For association mapping, it is assumed that locus genotypes are observed in random genetic backgrounds of unrelated individuals. The effect of an allele is then estimated as the difference in the average trait value between individuals with and without it, and thousands of human polymorphisms have been implicated in disease by performing such association tests for all common variants in the genome. Population structure due to ancient and recent crossing events results in violation of the assumption of random genetic backgrounds, as individuals that have shared history also share genotype at many physically unlinked loci. Unfortunately, genomes of many of the sequenced wild yeast strains have complex mosaic structures, indicating that the association model cannot be directly applied (Connelly and Akey, 2012; Liti et al., 2009a). Statistical methods can limit false-positive findings due to such confounding (Connelly and Akey, 2012; Diao and Chen, 2012; Listgarten et al., 2012) but cannot make the underlying problem disappear. Due to population history, only large-effect alleles present in exactly one of the sequenced wild strains (Bergstrom et al., 2014; Liti et al., 2009a; Schacherer et al., 2009) can be identified, such as copy number changes of transporters relevant for stress response (Warringer et al., 2011) or cis-regulatory effects on expression levels (Skelly et al., 2013). However, the association model assumptions may be satisfied in a randomly mating subpopulation (e.g. wine strains), or other yeast species with different population histories, such as Saccharomyces paradoxus (Liti et al., 2009a) or Schizosaccharomyces pombe (Daniel Jeffares, Jurg Bahler, personal communication).

An alternative to obtaining a genotyped and phenotyped set of individuals for the correlation-based methods mentioned above is to select for a specific trait from a genetically diverse population, and find alleles that are enriched in the trait carriers (Brauer et al., 2006; Segre et al., 2006).

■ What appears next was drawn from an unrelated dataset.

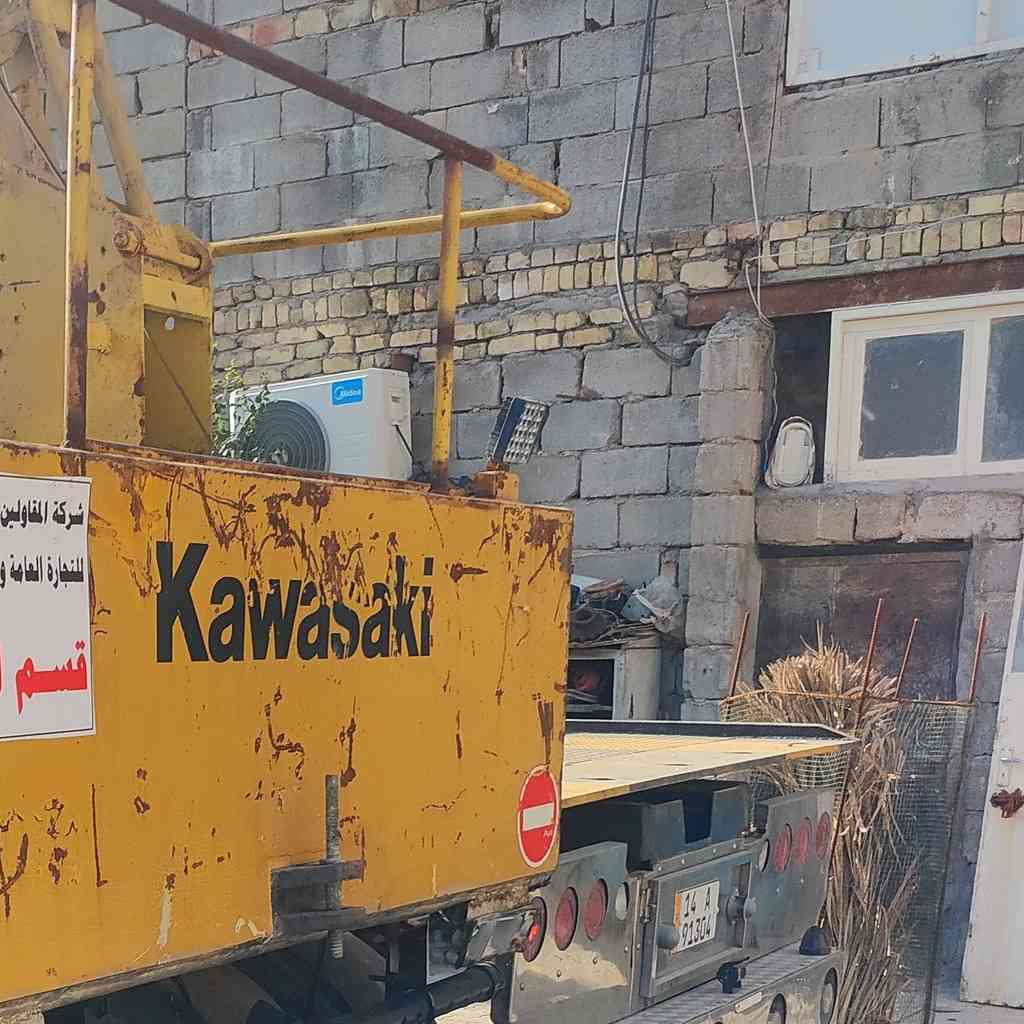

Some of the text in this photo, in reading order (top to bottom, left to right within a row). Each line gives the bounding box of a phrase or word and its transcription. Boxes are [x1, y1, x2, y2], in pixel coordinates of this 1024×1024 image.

The allele frequencies can be measured in bulk from the entire selected population, saving time and reagent costs compared to individual genotyping, and then compared to an appropriate null expectation. If the selection for phenotype can be applied over many generations, alleles with small effect will rise in frequency, improving the sensitivity to detect them. When bulk phenotyping and genotyping are available, it is a fast and powerful way of mapping the genetic basis of a trait, especially when combined with many generations of selection to increase power (Parts et al., 2011), and to quantify the relative fitness of individual alleles (Illingworth et al., 2012). This approach is easiest to apply in a two-parent cross, where all alleles are at around 50% initial frequency, and is otherwise conceptually similar to pooled screens of mutant strains, where frequencies of strains are quantified instead of alleles.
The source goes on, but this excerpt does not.